Figure 4. In p53 CTD, acetylation of K382, phosphorylation of S392 or both, contribute to the binding to MDC1-tBRCT.

(a) Cartoon representations of the p53 CTD peptides (Acetylated and phosphorylated peptide in blue or unmodified peptide in red), MDC1-tBRCT in cyan and phosphorous atom in gold. Left - initial conformations; right - representative snapshots of the molecular dynamics simulations. (b-e) Potential energy of the interactions between p53 CTD peptides and MDC1-tBRCT; The Lennard-Jones and the electrostatic contributions of each residue are shown in white and black, respectively. The peptides: (b) Ac-K382 and pS392. (c) Ac-K382. (d) pS392. (e) Unmodified.

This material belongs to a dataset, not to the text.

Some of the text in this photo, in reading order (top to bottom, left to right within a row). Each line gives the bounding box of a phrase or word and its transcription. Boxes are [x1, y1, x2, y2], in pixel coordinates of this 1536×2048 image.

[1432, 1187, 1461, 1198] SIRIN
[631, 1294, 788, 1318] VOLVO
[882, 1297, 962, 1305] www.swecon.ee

Error bars represent the standard deviation of the mean for the sum of the interactions.

Figure 5. Secondary structure of the CTD of p53.

CD spectra of p53 Tet peptide and p53 CTD peptides that are either unmodified, containing both AcK382 and pS392 or containing either AcK382 or pS392.

Figure 6. Suggested model and visualization of the p53-MDC1 interaction.

(a) MD derived interactions. tBRCT is shown in surface representation in light gray and the p53 CTD peptide is shown as a blue ribbon. Zoom-in panels of the Ac-K382 and pS392 are shown below; note that in the zoom-in panels the viewer angle is slightly rotated for visualization convenience. Red arrow points K1936 in MDC1. (b) Following genotoxic stress p53 (blue) undergoes K382 acetylation (red pentagon) and S392 phosphorylation (yellow pentagon). These residues mediate the interaction with MDC1 (gray) through its tBRCT domain (light gray).